[Free-text object descriptions]
>>>

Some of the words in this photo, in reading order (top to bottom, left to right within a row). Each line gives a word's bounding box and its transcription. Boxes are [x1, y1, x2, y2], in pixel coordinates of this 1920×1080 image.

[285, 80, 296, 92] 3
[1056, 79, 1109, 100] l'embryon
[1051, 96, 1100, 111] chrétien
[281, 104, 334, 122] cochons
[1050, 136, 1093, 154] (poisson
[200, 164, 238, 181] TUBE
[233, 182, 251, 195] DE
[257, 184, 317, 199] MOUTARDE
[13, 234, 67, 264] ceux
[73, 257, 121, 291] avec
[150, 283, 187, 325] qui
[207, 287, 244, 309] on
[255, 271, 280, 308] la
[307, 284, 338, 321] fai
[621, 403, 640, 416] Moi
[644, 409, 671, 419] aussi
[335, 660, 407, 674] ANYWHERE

<<<

# [What needs to be done]
All the data above should be set down a second time, exactly.

# [Answer to the exercise]
Some of the words in this photo, in reading order (top to bottom, left to right within a row). Each line gives a word's bounding box and its transcription. Boxes are [x1, y1, x2, y2], in pixel coordinates of this 1920×1080 image.

[285, 80, 296, 92] 3
[1056, 79, 1109, 100] l'embryon
[1051, 96, 1100, 111] chrétien
[281, 104, 334, 122] cochons
[1050, 136, 1093, 154] (poisson
[200, 164, 238, 181] TUBE
[233, 182, 251, 195] DE
[257, 184, 317, 199] MOUTARDE
[13, 234, 67, 264] ceux
[73, 257, 121, 291] avec
[150, 283, 187, 325] qui
[207, 287, 244, 309] on
[255, 271, 280, 308] la
[307, 284, 338, 321] fai
[621, 403, 640, 416] Moi
[644, 409, 671, 419] aussi
[335, 660, 407, 674] ANYWHERE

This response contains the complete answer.